Namun beberapa lokasi mulai surut cepat, seperti Simo Kalangan pada pukul 07.15 WIB serta MERR dan Baratajaya pada 07.30–07.45 WIB. Wali Kota Surabaya Eri Cahyadi mengatakan Pemkot mengerahkan 21 unit mobil pemadam kebakaran (PMK) serta sekitar 10 kendaraan DLH dan perangkat daerah terkait untuk penyedotan air sejak pukul 02.30 WIB.
“Seluruh armada kami kerahkan untuk menyedot air di titik-titik genangan,” kata Eri, Selasa, 23 Juni 2026.

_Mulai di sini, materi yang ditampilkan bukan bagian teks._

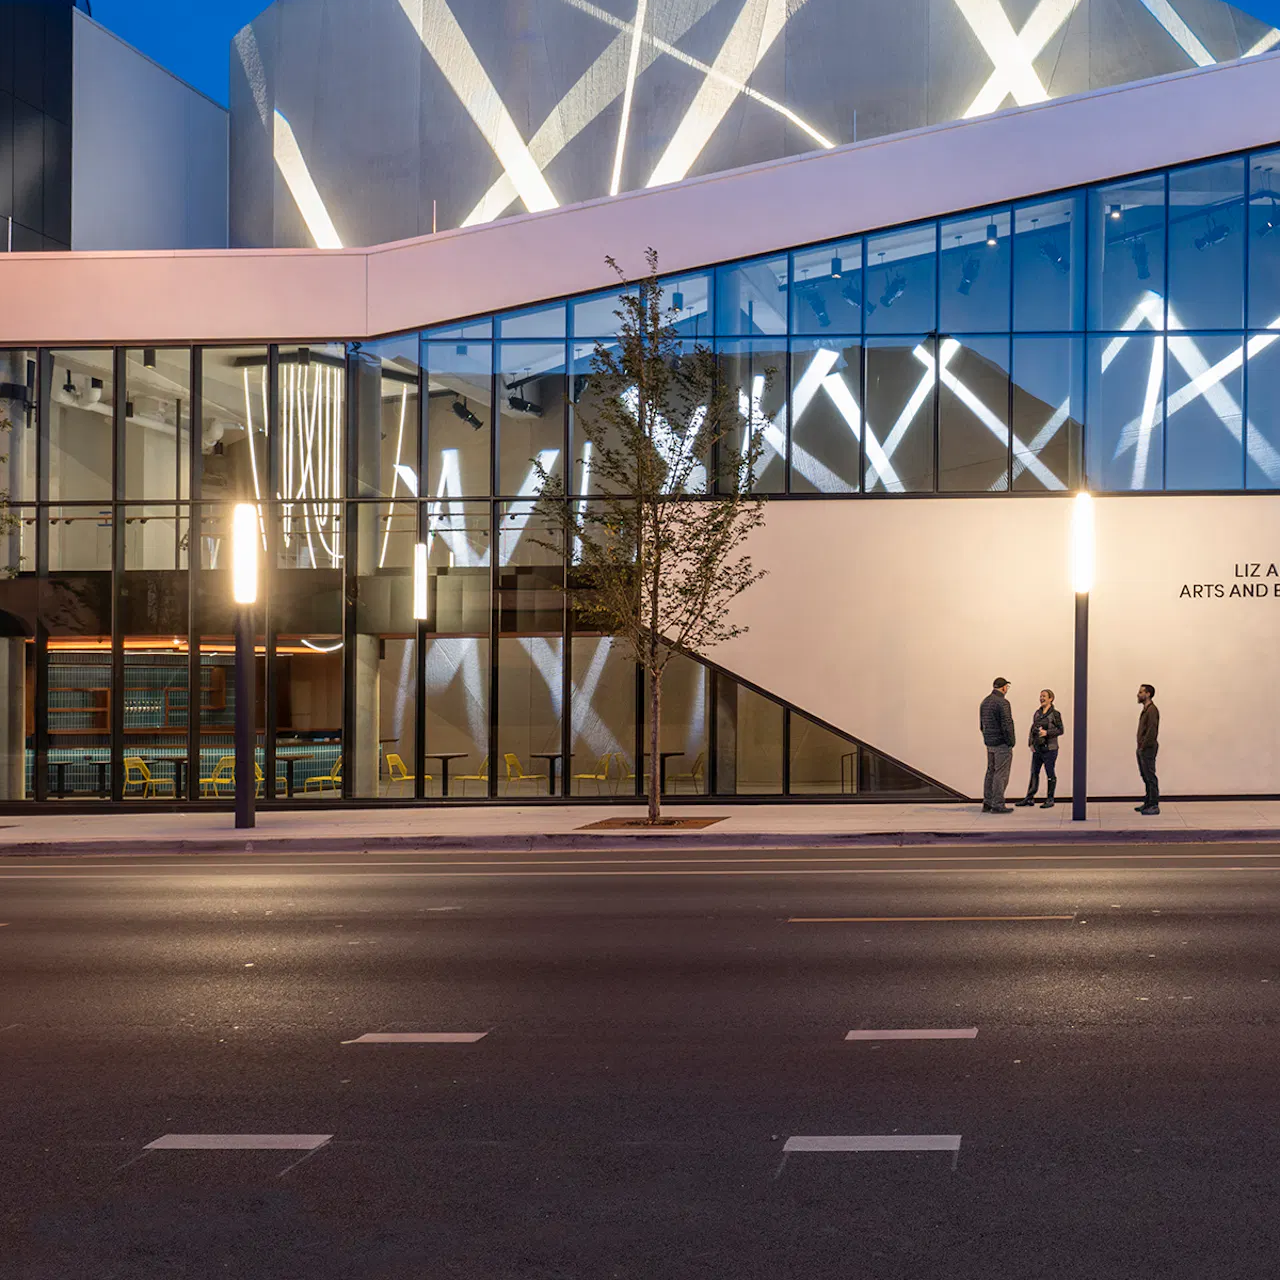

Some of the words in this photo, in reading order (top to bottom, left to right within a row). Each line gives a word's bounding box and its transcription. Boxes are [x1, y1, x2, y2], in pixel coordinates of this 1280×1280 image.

[1234, 563, 1261, 578] LIZ
[1179, 584, 1225, 599] ARTS
[1229, 583, 1269, 598] AND

Ia menjelaskan genangan juga dipengaruhi pekerjaan normalisasi saluran dan pembangunan drainase seperti box culvert serta perbaikan rumah pompa di sejumlah titik, termasuk Jalan Ahmad Yani, Tanjungsari, Simo, MERR, Imam Bonjol, hingga Rungkut. Menurutnya, sebagian saluran yang sedang dikerjakan terpaksa ditutup sementara sehingga mengurangi kapasitas aliran air saat hujan ekstrem terjadi.
“Kami memilih tetap melanjutkan proyek demi kepentingan jangka panjang, sambil memaksimalkan penanganan genangan,” ujarnya.
Selain curah hujan tinggi, kondisi pasang air laut juga memperparah situasi karena menyebabkan aliran sungai ke laut terhambat dan memicu backwater di beberapa kawasan. Pemkot Surabaya mengoptimalkan fungsi boezem sebagai tampungan sementara serta memaksimalkan lahan penampungan tambahan untuk mengurangi beban saluran utama.
Eri memastikan seluruh tim tetap siaga dan sejumlah titik genangan telah berangsur surut meski beberapa lokasi masih dalam penanganan. Ia menegaskan proyek drainase bukan mangkrak, melainkan bagian dari penguatan sistem pengendalian banjir jangka panjang yang ditargetkan rampung sebelum puncak musim hujan 2026.
“Saya mohon maaf kepada warga Surabaya atas ketidaknyamanan ini. Kami terus bekerja maksimal di lapangan,” tuturnya.
Sementara itu, DSDABM Surabaya juga telah melakukan penanganan sejak 22 Juni 2026 dengan mengerahkan pompa dan DPKP ke sejumlah titik terdampak. Kepala Bidang Drainase DSDABM Surabaya, Adi Gunita, menyebut pasang air laut menjadi faktor utama lambatnya surut genangan akibat fenomena backwater di beberapa kawasan.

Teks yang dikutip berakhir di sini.